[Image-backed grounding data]
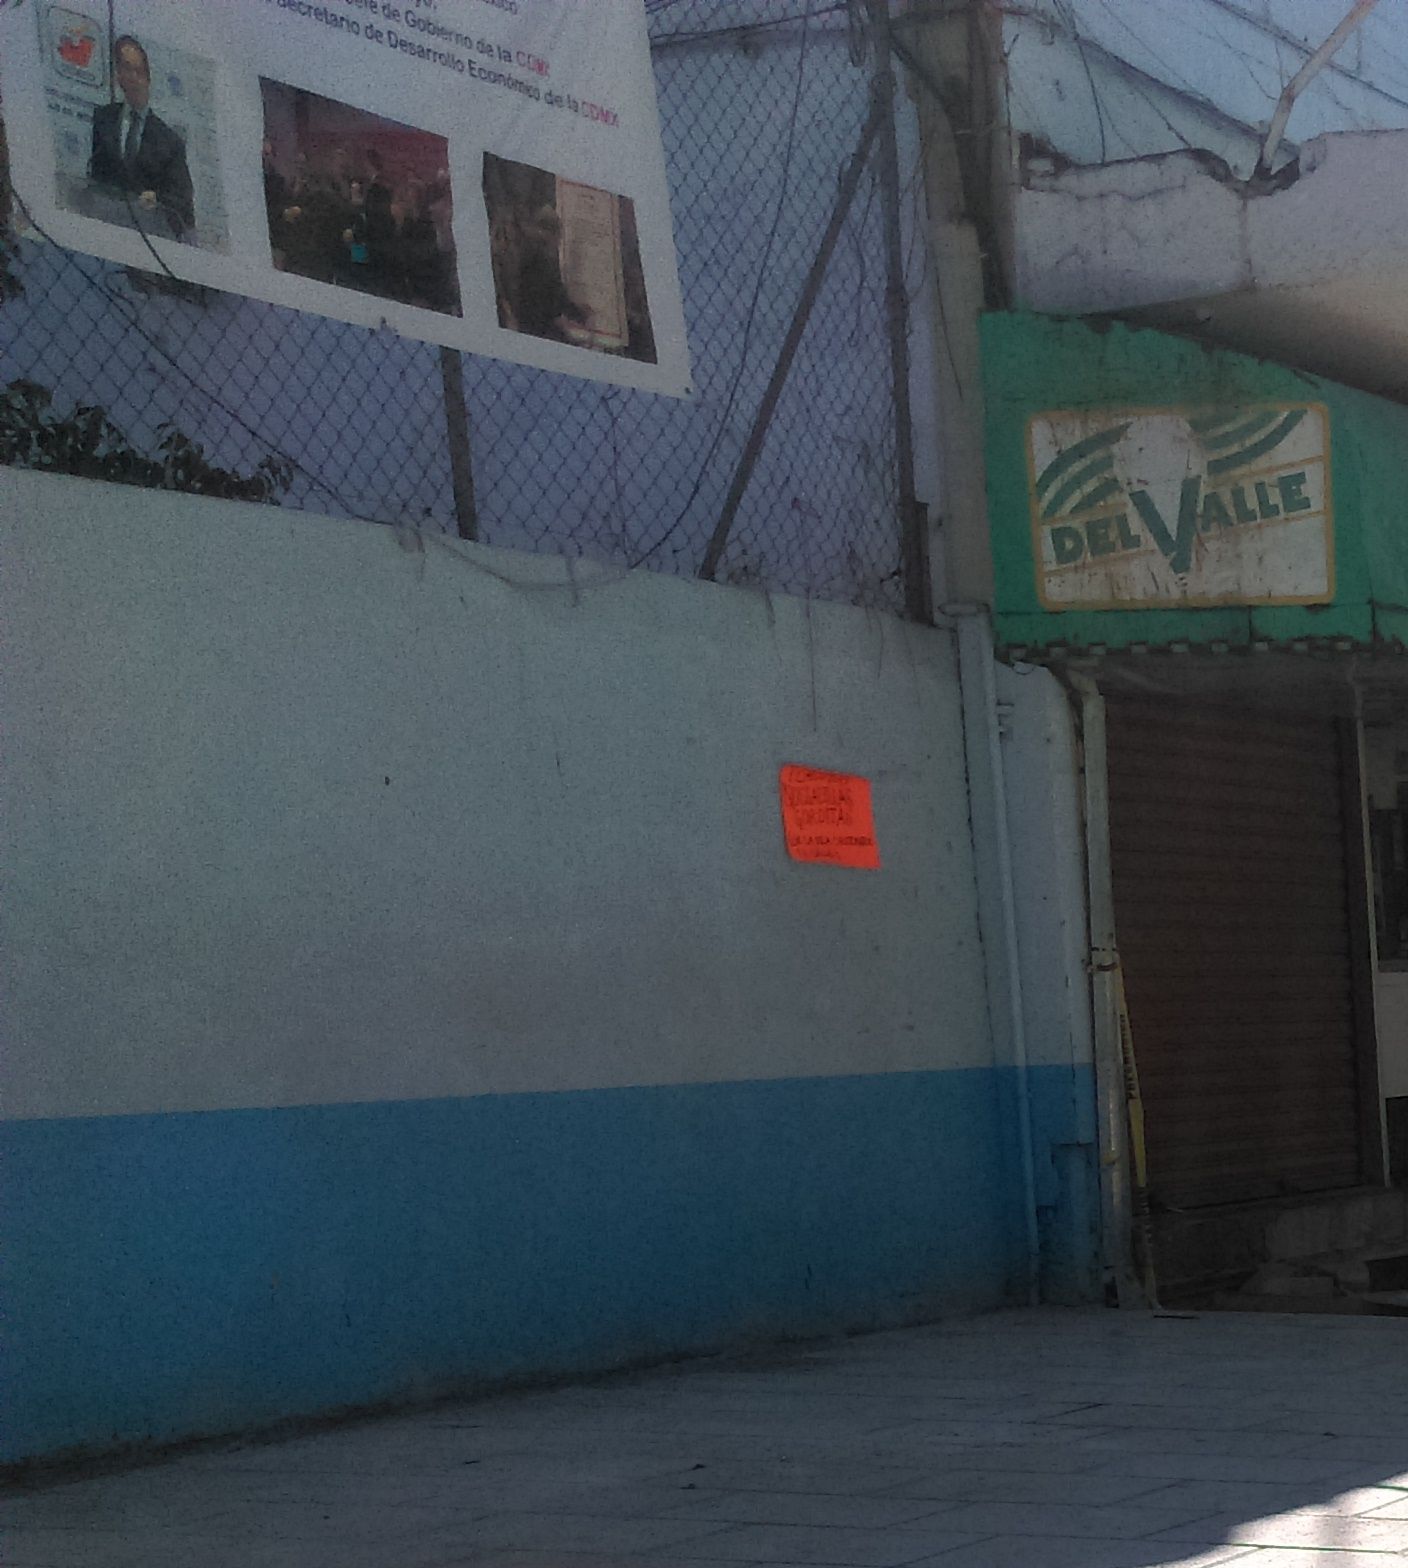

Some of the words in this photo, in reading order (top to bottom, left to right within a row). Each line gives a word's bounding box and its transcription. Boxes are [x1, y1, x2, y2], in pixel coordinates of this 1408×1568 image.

[345, 0, 380, 14] efe
[382, 3, 401, 22] de
[404, 9, 473, 50] Gobierno
[476, 37, 495, 59] de
[497, 46, 513, 64] la
[364, 23, 384, 44] de
[387, 29, 466, 74] Desarrollo
[543, 89, 564, 109] de
[566, 93, 579, 113] la
[1051, 513, 1142, 566] DEL
[1128, 470, 1312, 575] VALLE

▸ **Exercise**
Your output should be the full set of entries above, restated word for word and free of pictures.

▸ **Solution to this exercise**
Some of the words in this photo, in reading order (top to bottom, left to right within a row). Each line gives a word's bounding box and its transcription. Boxes are [x1, y1, x2, y2], in pixel coordinates of this 1408×1568 image.

[345, 0, 380, 14] efe
[382, 3, 401, 22] de
[404, 9, 473, 50] Gobierno
[476, 37, 495, 59] de
[497, 46, 513, 64] la
[364, 23, 384, 44] de
[387, 29, 466, 74] Desarrollo
[543, 89, 564, 109] de
[566, 93, 579, 113] la
[1051, 513, 1142, 566] DEL
[1128, 470, 1312, 575] VALLE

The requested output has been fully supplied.